Warning: I still find this disturbing, in a Gawd, I'm an idiot kind of way.
A few weeks ago I wrote about how I arrived in Australia, green as grass and a committed scaredy-cat as far as the local wildlife is concerned. Have a look at Snakes Alive! if you feel you’ve missed something.
It didn’t take me long, however, to realise that even living in suburbia, as Alison and I did in the first few months after we arrived in Western Australia, the wildlife quite literally on our doorstep was magnificent to behold.
One evening we arrived home after working in Perth, and there, on the screen door, was the biggest stick insect I’ve ever seen. I swear the thing must have been at least nine inches long, maybe even a foot.
We stood gawping at it (he/she? Who can tell these things just by looking?) for a good five minutes and then gently eased the door open and slipped inside.
That stick insect was the instigator of much refreshed enthusiasm for our new homeland that night. Everything we spoke about centred on its mammoth proportions, its subtle colouring, its brazen refusal to budge even when we were standing just a few inches away (I got closer as I got bolder, as men do), and its surprising cuteness – it’s an insect; it shouldn’t be classed as cute, but this little (big) guy (guyess?) was cute as cute can be.

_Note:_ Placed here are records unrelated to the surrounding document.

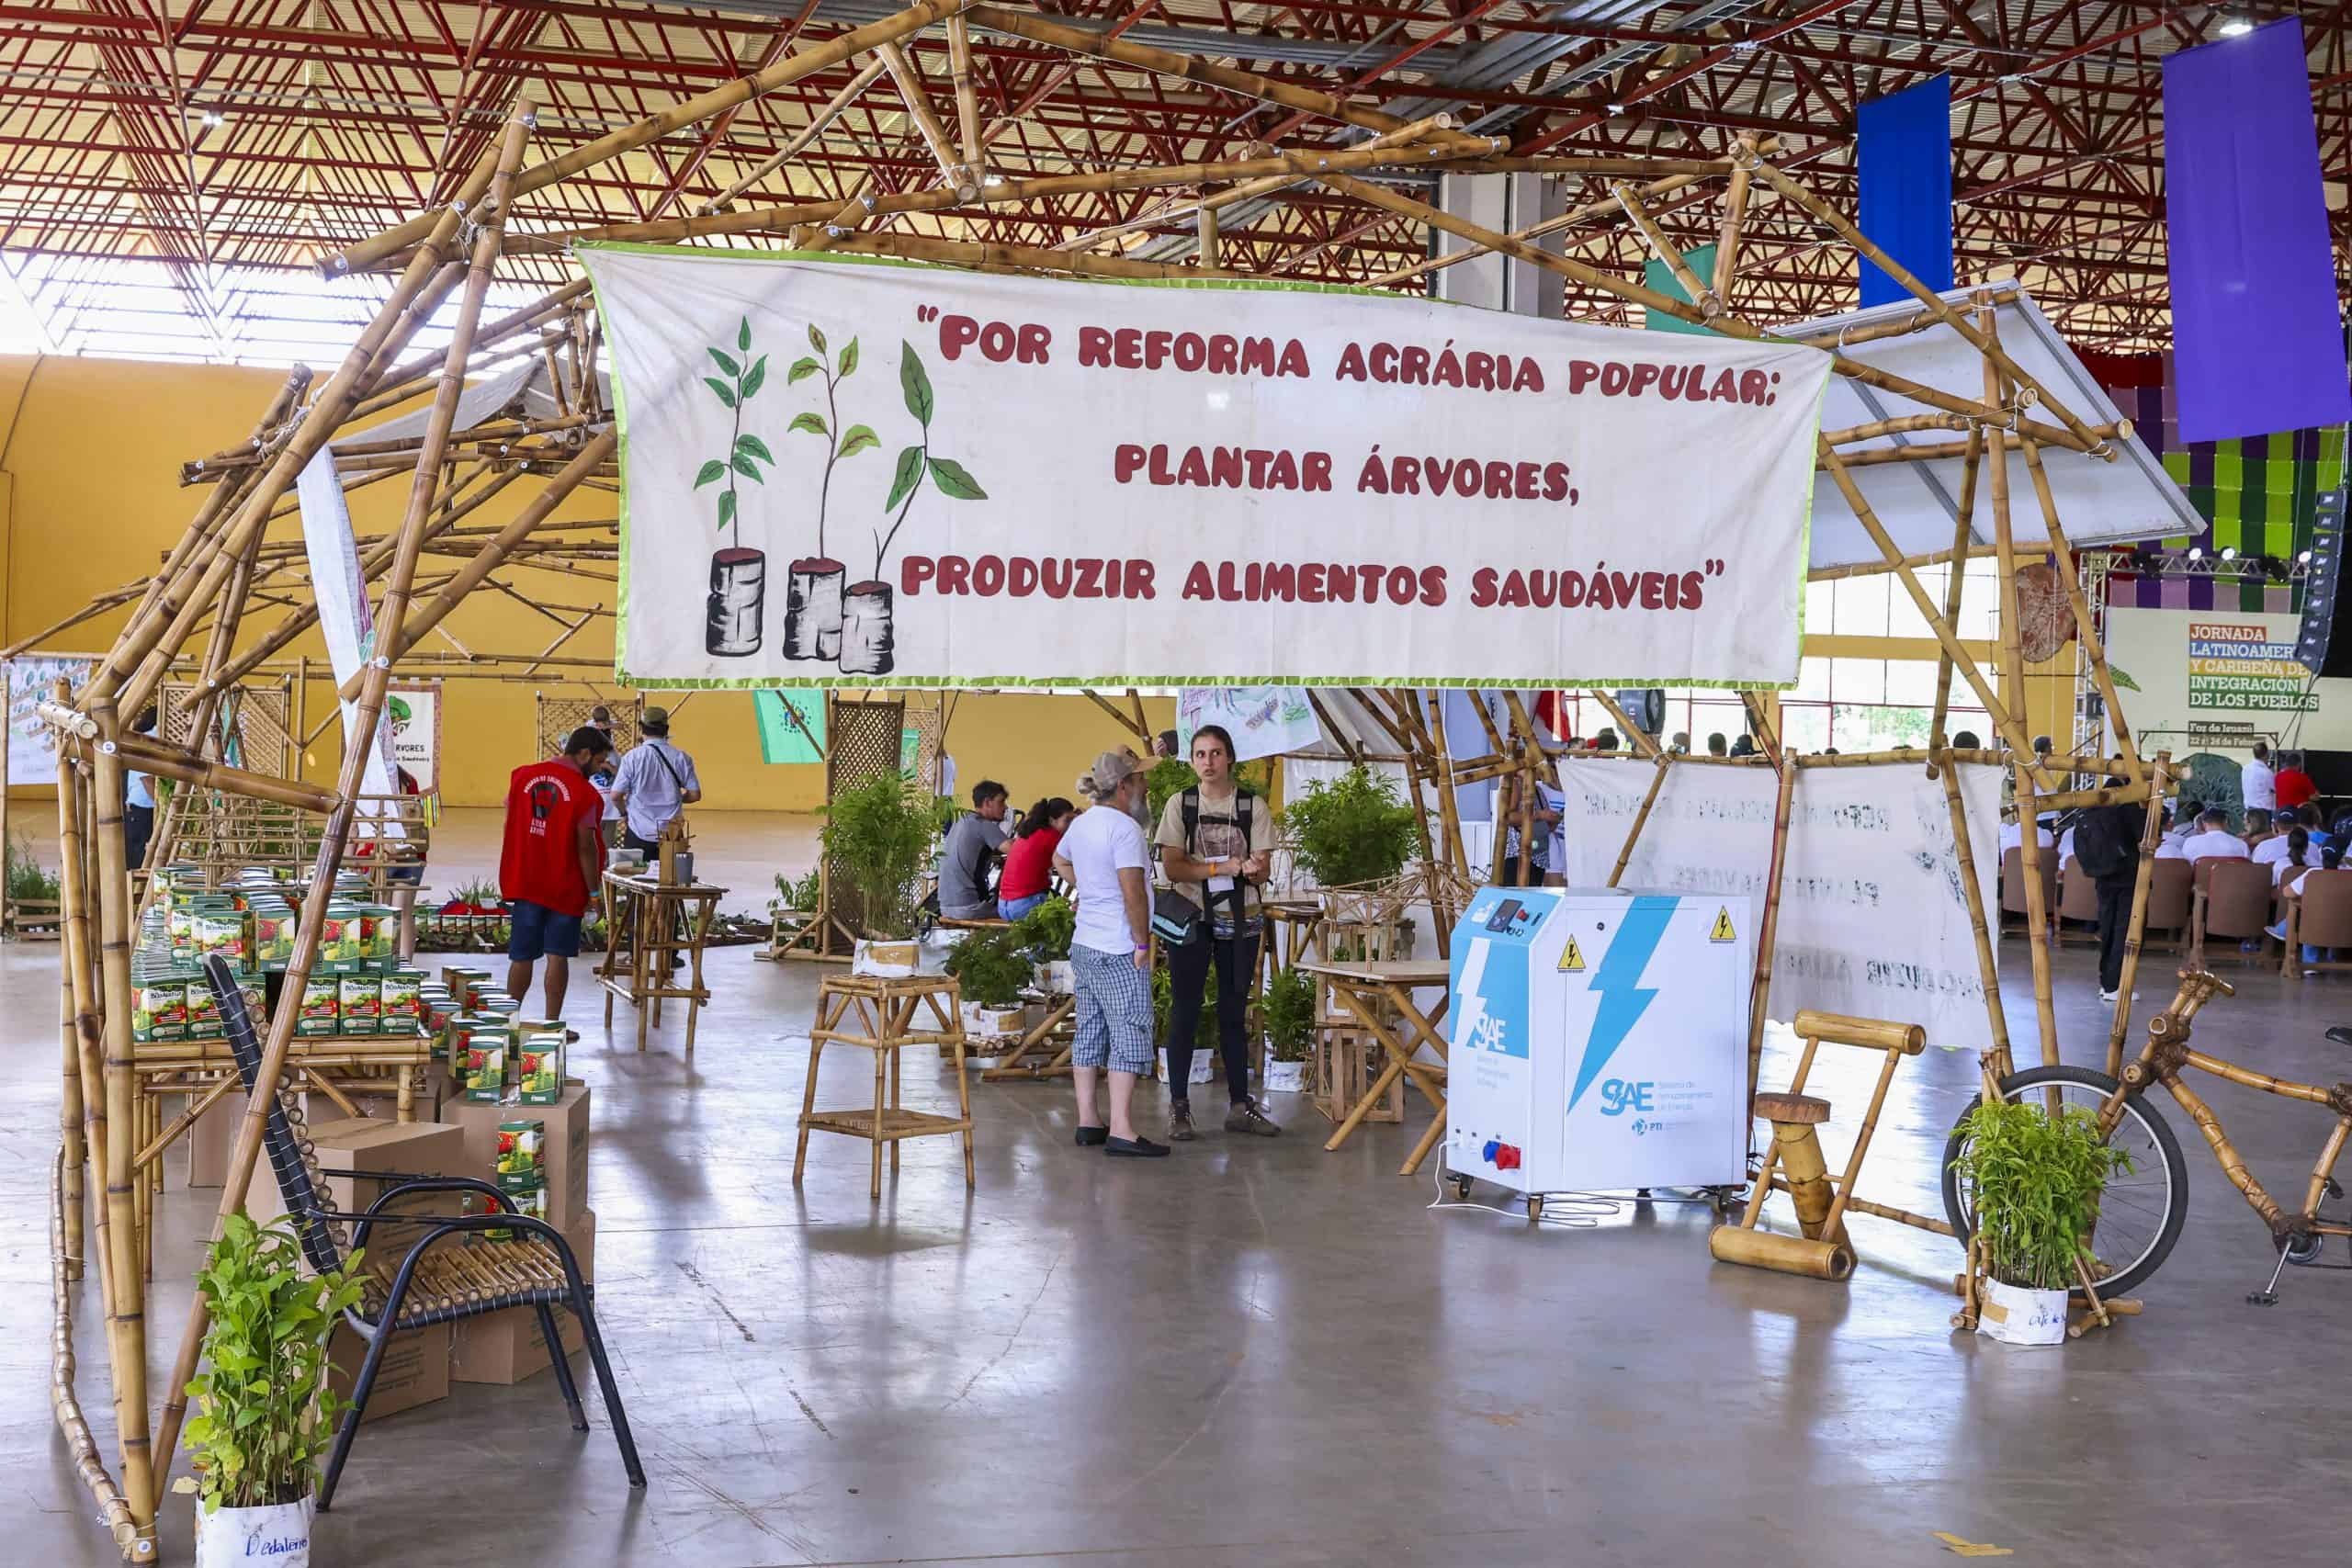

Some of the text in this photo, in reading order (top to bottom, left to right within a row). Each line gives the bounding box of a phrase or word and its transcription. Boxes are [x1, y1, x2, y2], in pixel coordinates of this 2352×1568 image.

[1078, 326, 1311, 378] REFORMA
[1335, 339, 1545, 393] AGRÁRIA
[1114, 443, 1580, 507] PLANTAR ÁRVORES,
[900, 555, 1725, 611] PRODUZIR ALIMENTOS SAUDÁVEIS"
[2190, 626, 2265, 641] JORNADA
[2190, 642, 2294, 660] LATINOAMER
[2190, 660, 2202, 671] Y
[2204, 658, 2283, 675] CARIBEÑA
[2190, 675, 2299, 692] INTEGRACIÓN
[2190, 693, 2318, 709] DE LOS PUEBLOS
[2189, 722, 2207, 733] Foz
[2208, 723, 2222, 733] de
[1600, 1077, 1655, 1117] SAE

Another day dawned and our routine – alarmingly, very like the routine we followed back home in Scotland – kicked off again. After a quick breakfast we headed to the front door, but I stopped myself from barging out with my usual bluster. I wanted to see if Twiggy was still there (yes, because of her stubborn refusal to move from the door we decided that she must be female and we named her accordingly - sad, isn’t it, how grown adults with university degrees will regress to the level of five-year-olds when cuteness is introduced to a situation. Actually, there is a pattern to observe here, as I'll demonstrate in a later post.)
There was no sign of her. Not on the screen door, not on the bricks of the wall, and not on the inner door, although why I was checking there I have no idea.
“Musta buggered off last night,” I called over my shoulder to Alison as I stepped out onto the porch...
I looked at my feet, and there was Twiggy. All nine or so inches of her. Flat as a flounder, and very, very dead.
I’ve never felt so low. I’m still not over it. But it’s only been ten years.